EXERCISE DIRECTIONS —
Please restate the records below word for word, leaving out every picture.
*** DATA UNDER STUDY
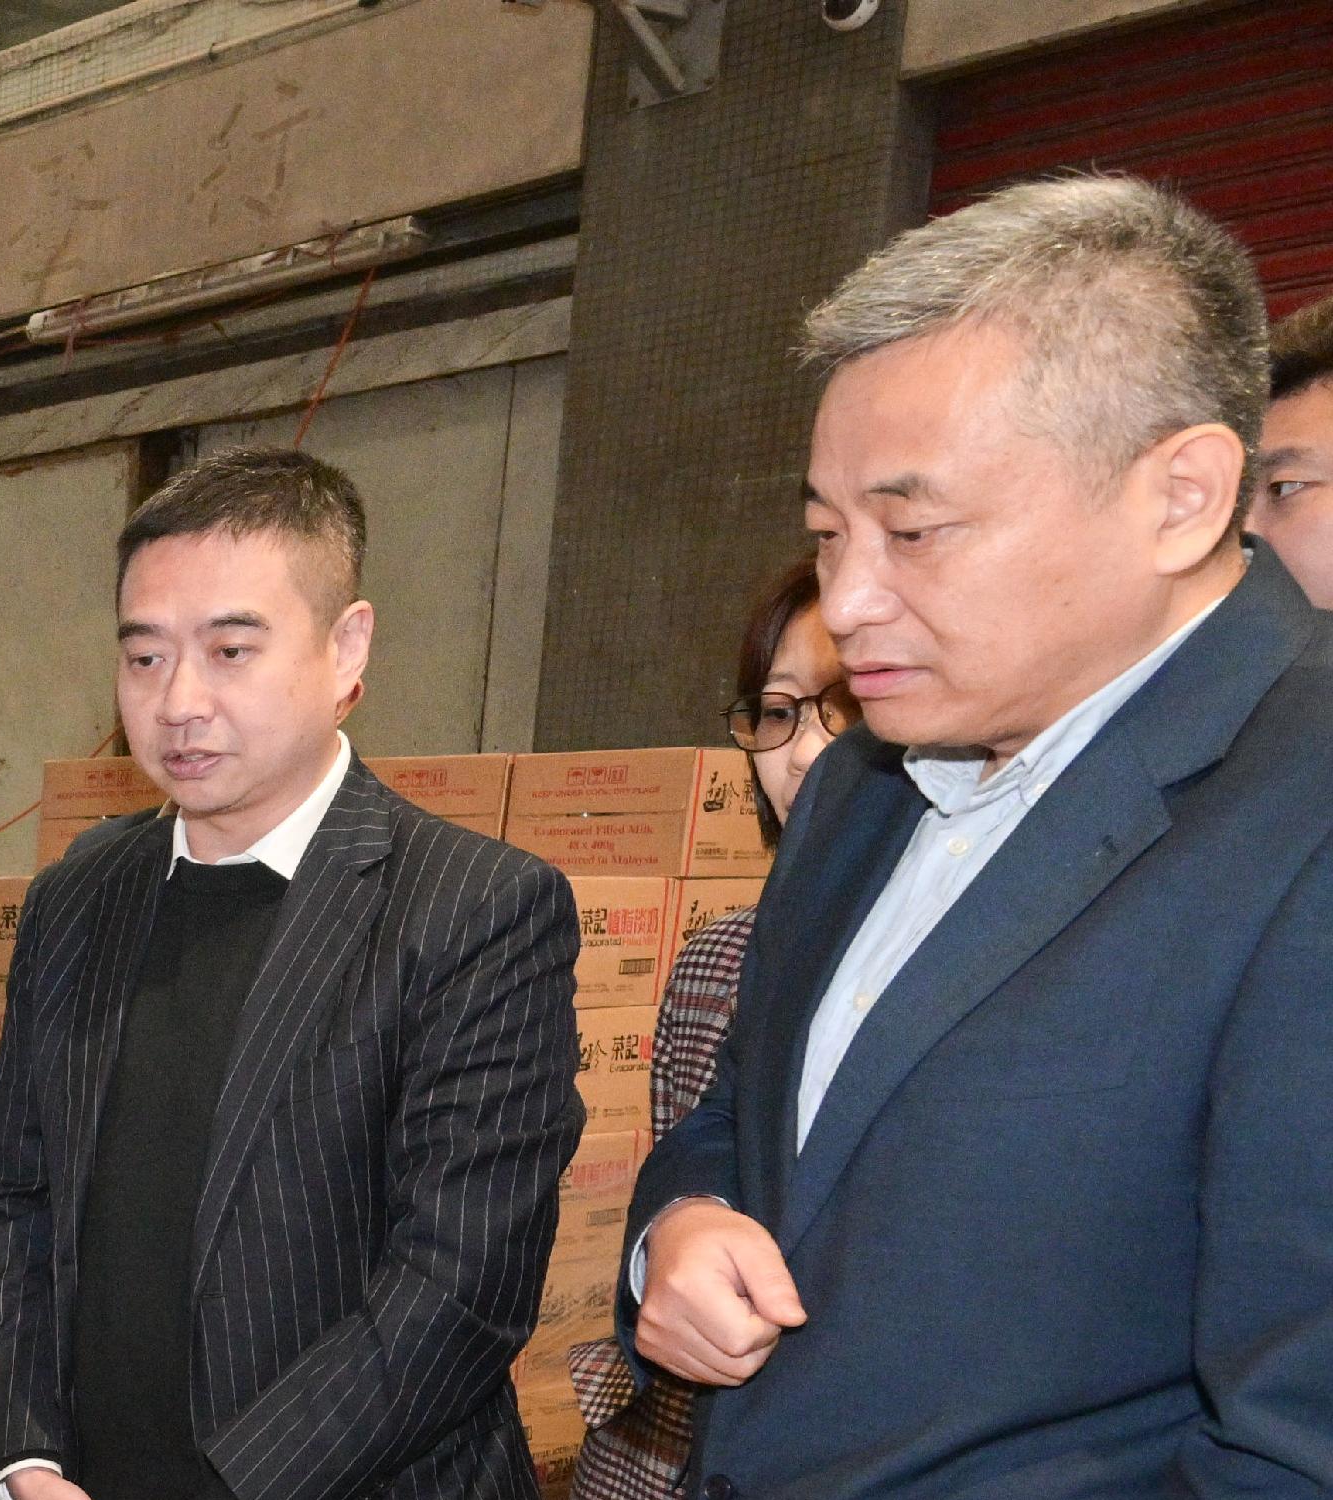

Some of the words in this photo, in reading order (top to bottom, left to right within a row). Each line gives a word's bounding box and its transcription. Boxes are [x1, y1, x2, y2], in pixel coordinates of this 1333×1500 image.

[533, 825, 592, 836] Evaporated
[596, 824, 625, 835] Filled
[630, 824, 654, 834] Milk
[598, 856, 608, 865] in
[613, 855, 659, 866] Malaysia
******
TASK ANSWER —
Some of the words in this photo, in reading order (top to bottom, left to right within a row). Each line gives a word's bounding box and its transcription. Boxes are [x1, y1, x2, y2], in pixel coordinates of this 1333×1500 image.

[533, 825, 592, 836] Evaporated
[596, 824, 625, 835] Filled
[630, 824, 654, 834] Milk
[598, 856, 608, 865] in
[613, 855, 659, 866] Malaysia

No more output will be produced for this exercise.